Again and again and again I say we need to look at the COVID vaccination program through the lenses that see the glass half empty rather than half full. Why? Because every day that passes leaves millions vulnerable, and when you have millions vulnerable to a highly contagious virus, then your infection rates and hospitalization rates and casualty rates go up.

Not to mention the likelihood of the virus mutating again and again and again.

Against a contagious enemy we cannot be complacent. And lest I risk my friend Harry Roque pounding on my work table, I will concede that we have made good strides in so short a period of time. But good is not good enough.

With 40 million doses in (hypothetically) the arms of 20 million Filipinos, we just have to find 120 million doses more to jab into the arms of 60 million more Filipinos. This will give us a fighting chance of keeping the virus at bay, in the process opening up the economy more and allowing more people to again earn a living. If what I read was accurate, we should expect at least 20 million more doses arriving before the end of September (good for 10 million more Filipinos) and, it is hoped, as much as 50 million more doses by October.

Now if we can get our hands on 50 million doses every month for the last three months of 2021, then we would have achieved what I had thought the unachievable.

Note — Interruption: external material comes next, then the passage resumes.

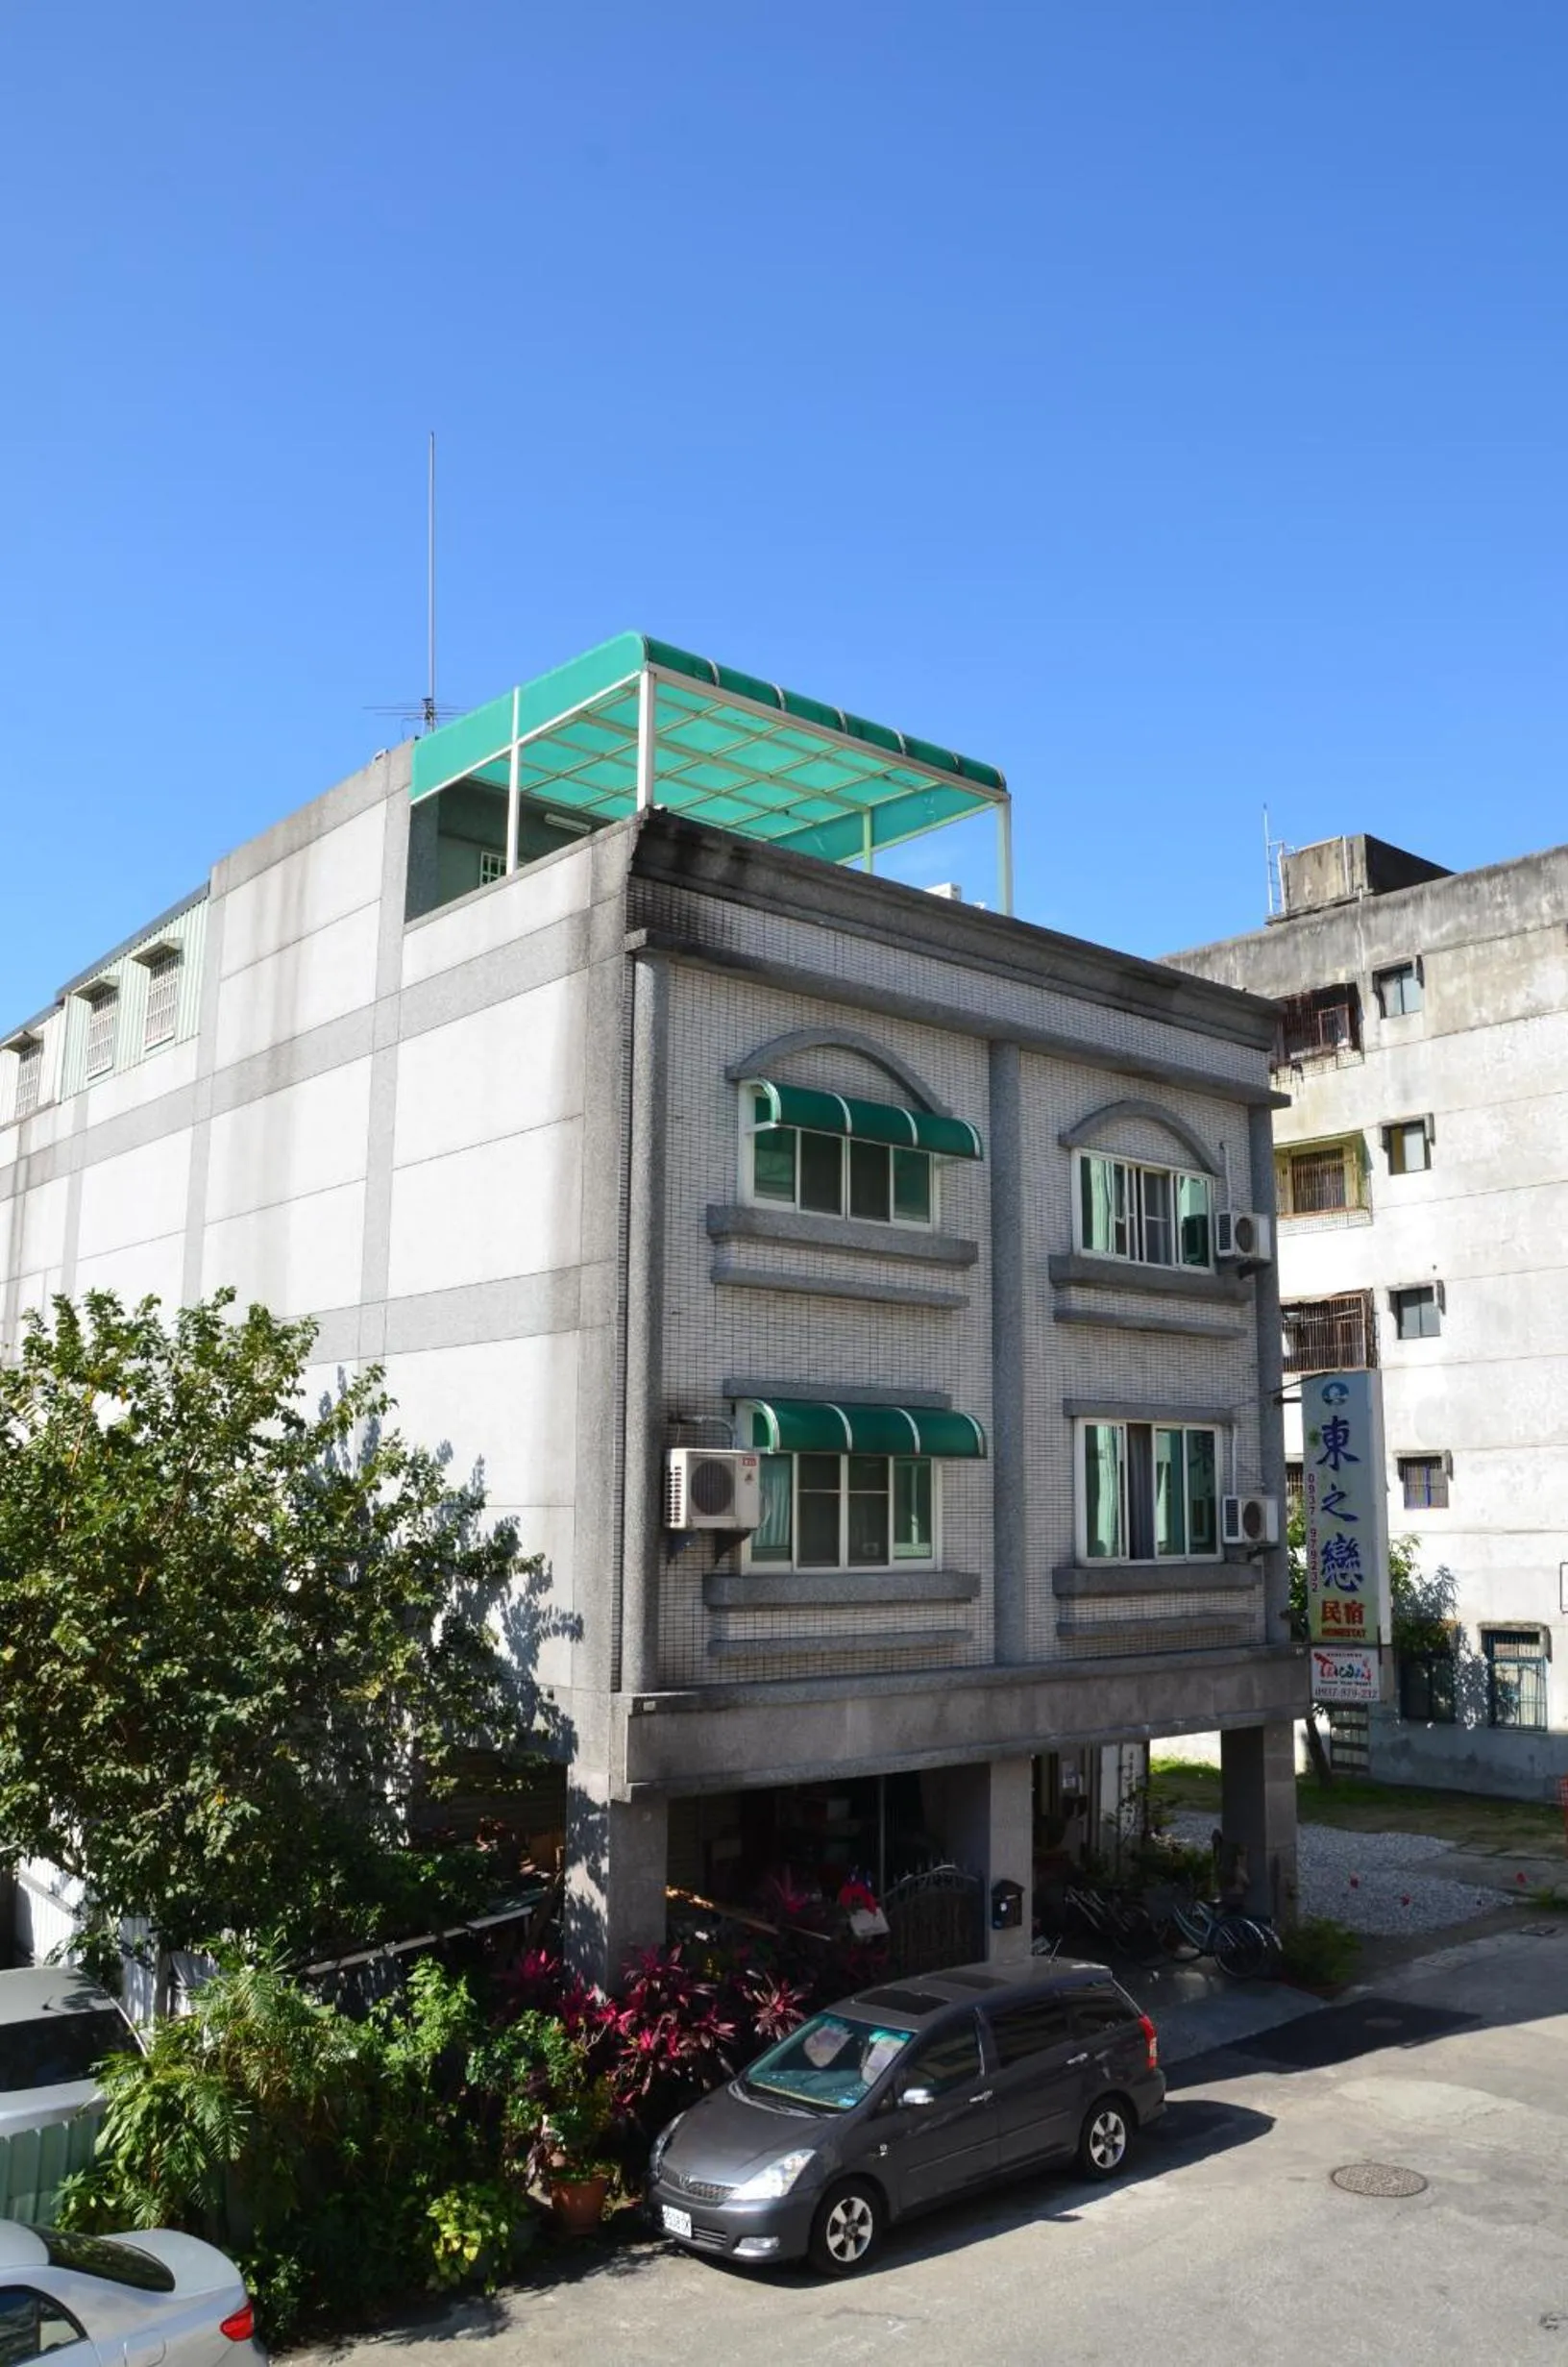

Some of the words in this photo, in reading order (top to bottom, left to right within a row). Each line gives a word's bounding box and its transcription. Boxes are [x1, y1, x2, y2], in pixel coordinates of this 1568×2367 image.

[1315, 1415, 1363, 1592] 東之戀
[1321, 1599, 1365, 1624] 民宿

I am one of the lucky 20 million, having had two Moderna jabs up my left arm. I am also one of the lucky ones to survive a nasty bout with COVID, which thus makes me doubly lucky. And while infection numbers are still high and more and more of my friends seem to be coming down with the virus, they, too, count among the lucky ones because they had been previously jabbed and their jabs are what are saving them from suffering the worst cases of COVID. They’ve mostly been mild cases that one can manage at home with the proper treatment.

This is why we need to get those numbers going higher and higher per day. Thank God we have dispensed with 40 million but let’s dispense with the next 40 in half the time we did the first. And the next 40 again after that. And so on until we hit maybe 80 million fully vaccinated Filipinos. (Hopefully before we go to the polls.)

Then and only then can we relax even more. But not a moment too soon. Far too many are still getting infected and many are still turning serious, even dying.

40 million doses is good. Now let’s go get the 120 million more.